5. Traditional Quality Standards

Standards scientific tools such as pharmacognosy, chromatographic and other techniques are used in QC/QA of allopathic medicines. In traditional medicines, more often the quality of herbs and formulation is monitored using the five senses and the mind. Identity, collection time, processing and storage practices determine the quality of herbs and the knowledge regarding this is known to traditional practitioners. These have been named by us as Traditional Quality Standards (TQS) and Reverse Pharmacognosy, ie., understanding the herb quality through traditional wisdom. E.g., we have demonstrated that turmeric collected at night has 1.5 times better activity than that during day time. Traditional methods of purification of the deadly poisonous plant like Dhatura (Datura metel) renders them safe. What are the phytochemical changes that happen in the plant?
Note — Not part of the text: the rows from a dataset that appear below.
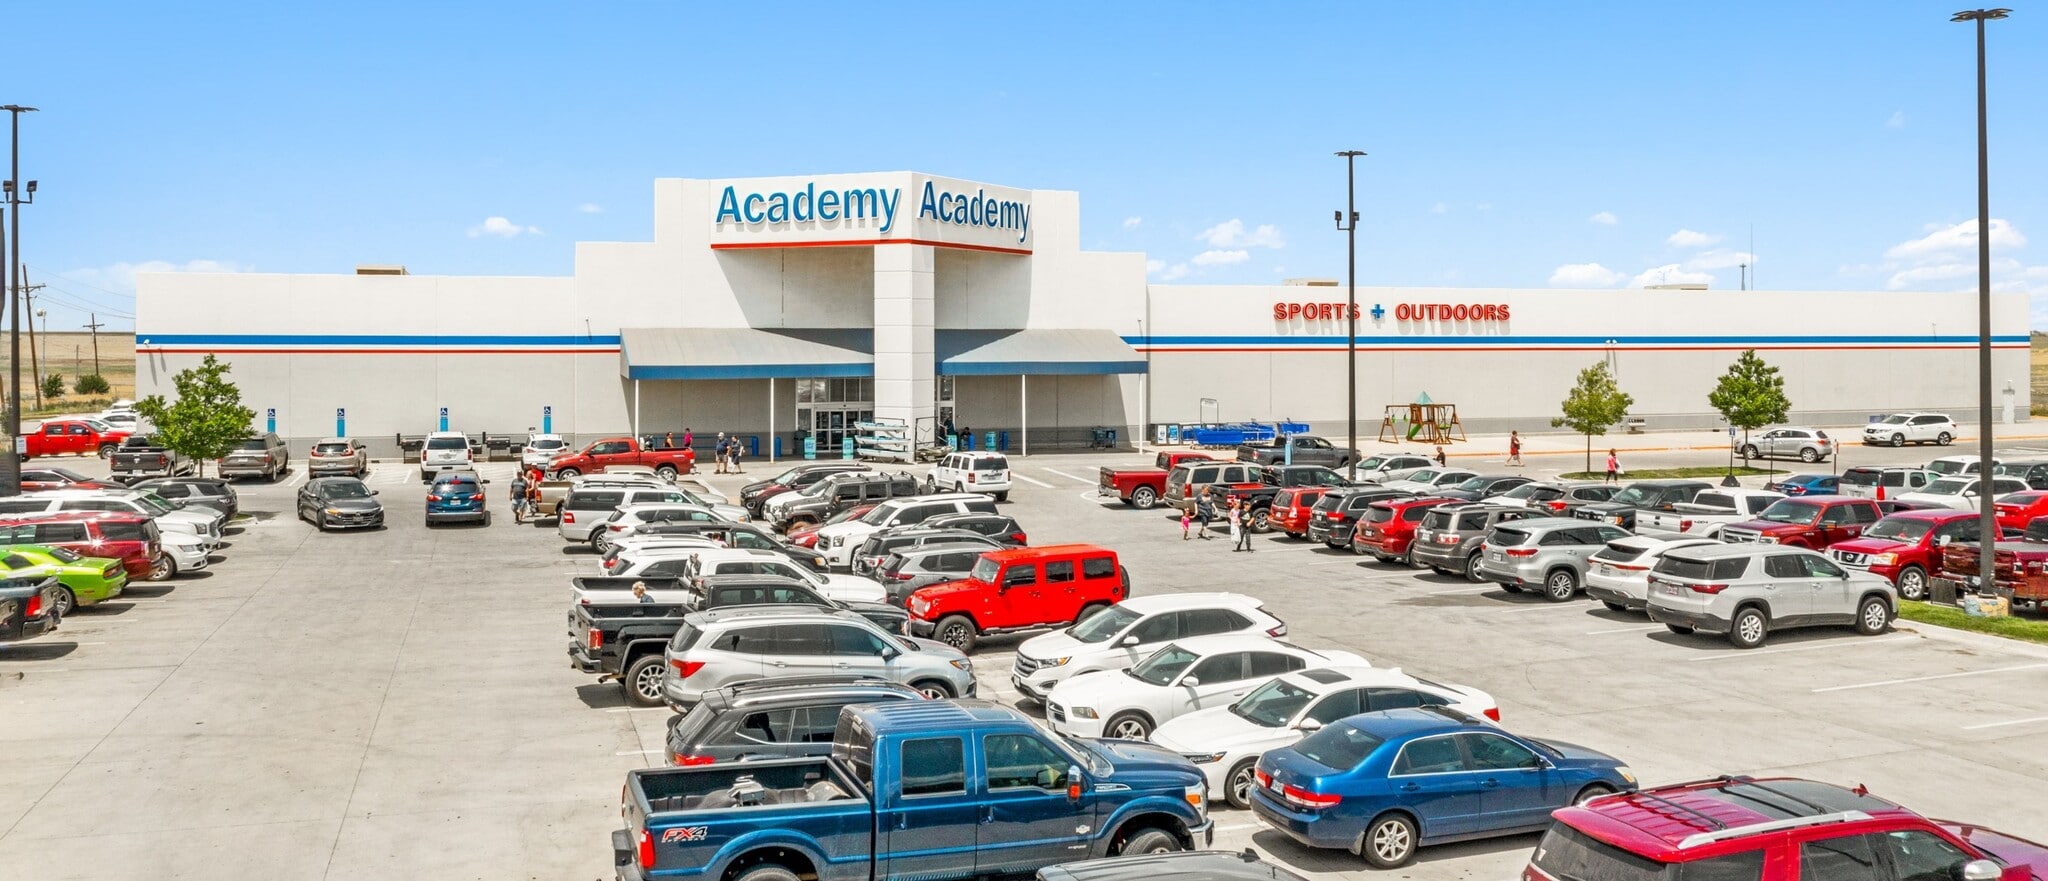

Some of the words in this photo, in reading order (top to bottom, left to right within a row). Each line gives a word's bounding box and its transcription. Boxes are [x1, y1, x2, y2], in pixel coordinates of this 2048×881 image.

[716, 182, 900, 233] Academy
[919, 180, 1031, 243] Academy
[1273, 302, 1360, 320] SPORTS
[1395, 303, 1510, 321] OUTDOORS
[662, 826, 708, 841] FX4
In future, transcriptomics and metabolomics tools will be used to get a comprehensive understanding of the scientific basis of TQS.

6. Ayur-biology

7. Integrative health care systems

8. Pre-clinical research in malaria, cognitive disorders, anaemia

9. Mainstreaming local heath traditions

10. Integration of traditional knowledge and practices from Indian systems of medicine for improving health systems

11. ‘Omics’ studies for conservation and clinical research

12. Water quality management with focus on anti-microbial systems

13. Chemical profiling and biochemical studies of traditional drugs

14. Testing and quality control of herbal drugs and minerals

15. “Nadi Vigyana” and ancient Indian medical system manuscriptology

16. Reduction of antibiotic use in dairy farming

17. Popularizing ethno-veterinary practices in order to improve milk quality in small dairy farms

18. Developing guidelines for “whole and wellness systems” for clinical research in Ayurveda.